* **Data to process**
——————————

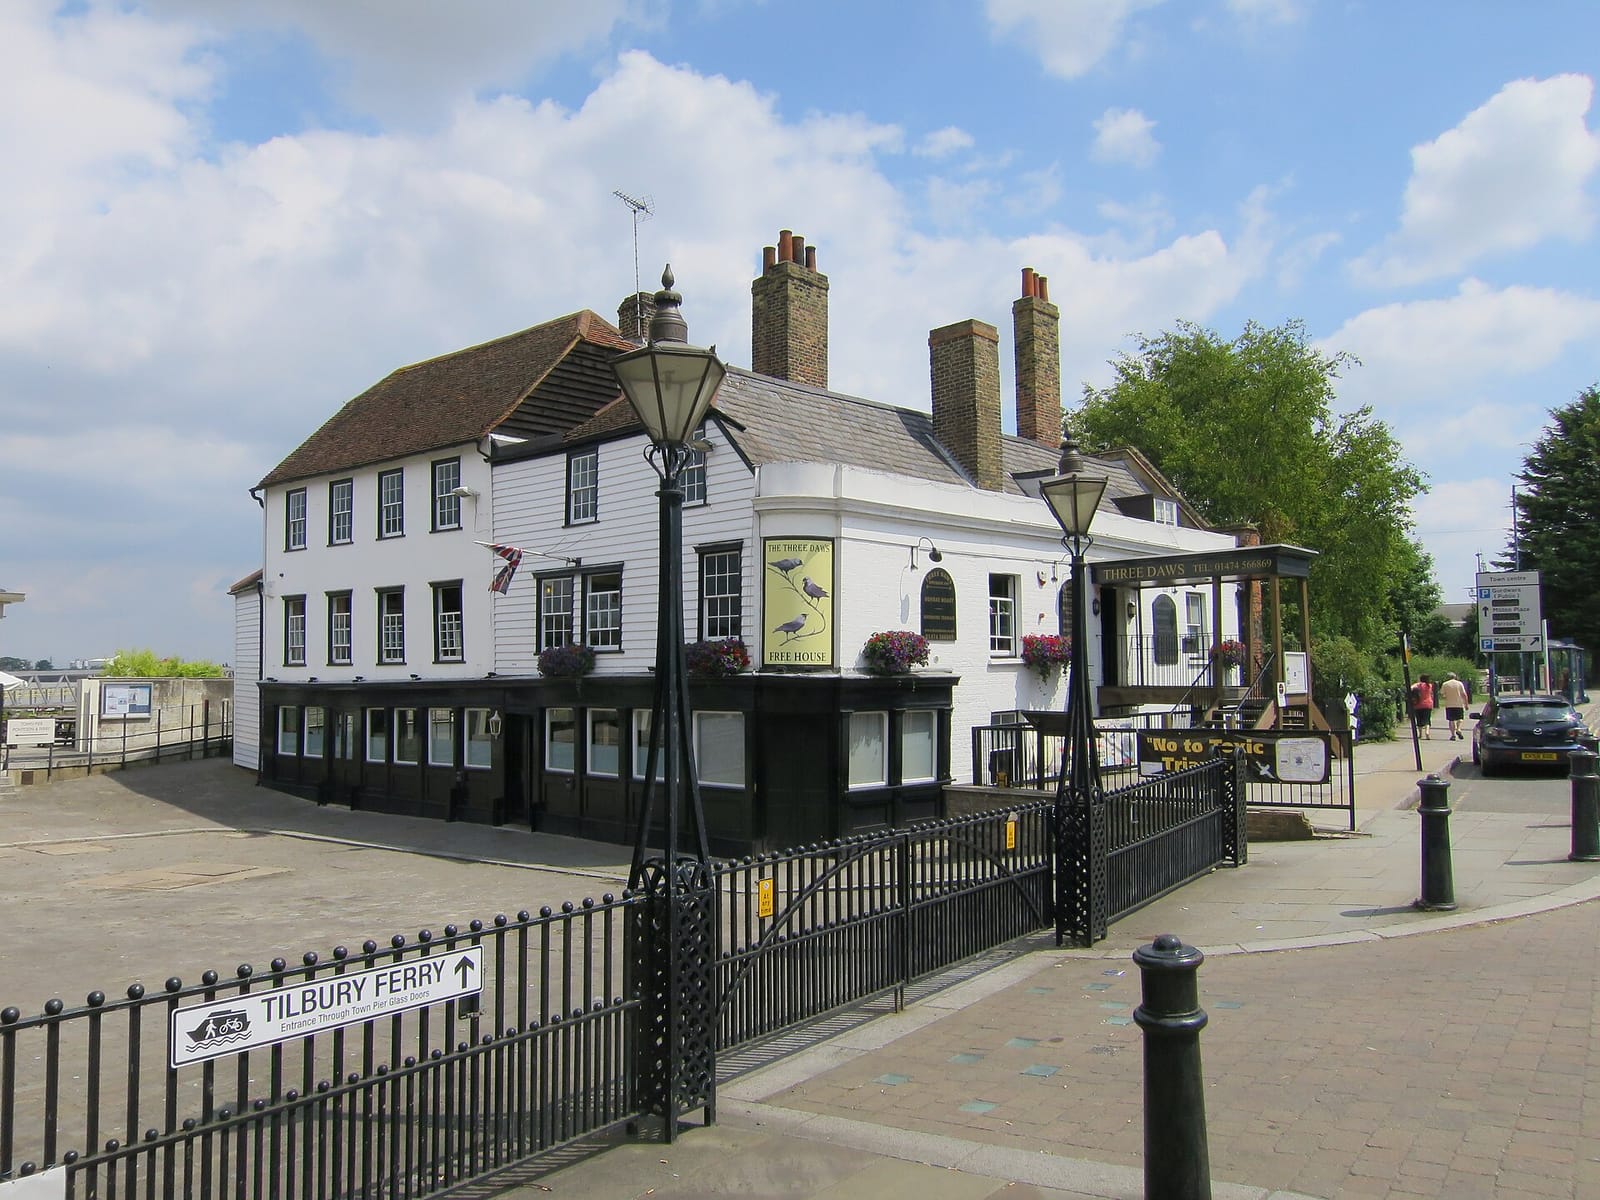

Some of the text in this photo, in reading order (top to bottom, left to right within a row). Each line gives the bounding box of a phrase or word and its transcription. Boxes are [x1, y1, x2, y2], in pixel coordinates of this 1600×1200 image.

[767, 543, 831, 553] THE THREE DAWS
[1103, 566, 1145, 581] THREE
[1147, 562, 1185, 578] DAWS
[1214, 560, 1240, 572] 01474
[1241, 558, 1273, 570] 566869
[769, 651, 827, 662] FREE HOUSE
[1183, 739, 1204, 753] to
[261, 959, 445, 1023] TILBURY FERRY
[280, 988, 431, 1033] Entrance Through Town Pier Glass Doors
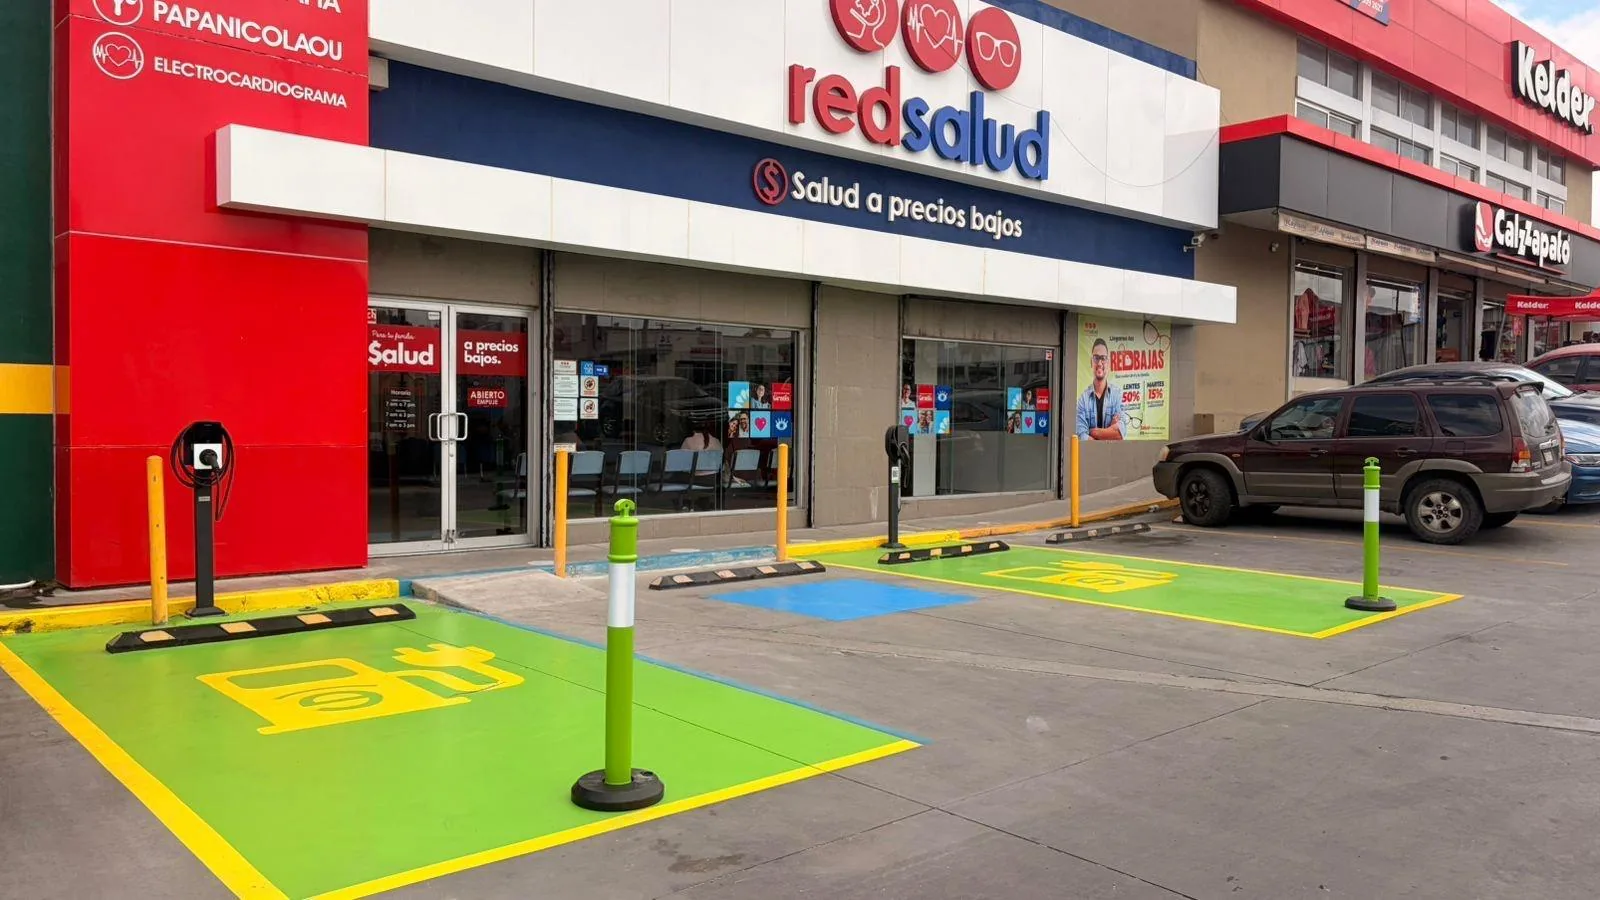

——————————

The response should repeat each record precisely and contain no pictures.

* **Expected output**
Some of the text in this photo, in reading order (top to bottom, left to right within a row). Each line gives the bounding box of a phrase or word and its transcription. Boxes are [x1, y1, x2, y2], in pixel coordinates of this 1600×1200 image.

[767, 543, 831, 553] THE THREE DAWS
[1103, 566, 1145, 581] THREE
[1147, 562, 1185, 578] DAWS
[1214, 560, 1240, 572] 01474
[1241, 558, 1273, 570] 566869
[769, 651, 827, 662] FREE HOUSE
[1183, 739, 1204, 753] to
[261, 959, 445, 1023] TILBURY FERRY
[280, 988, 431, 1033] Entrance Through Town Pier Glass Doors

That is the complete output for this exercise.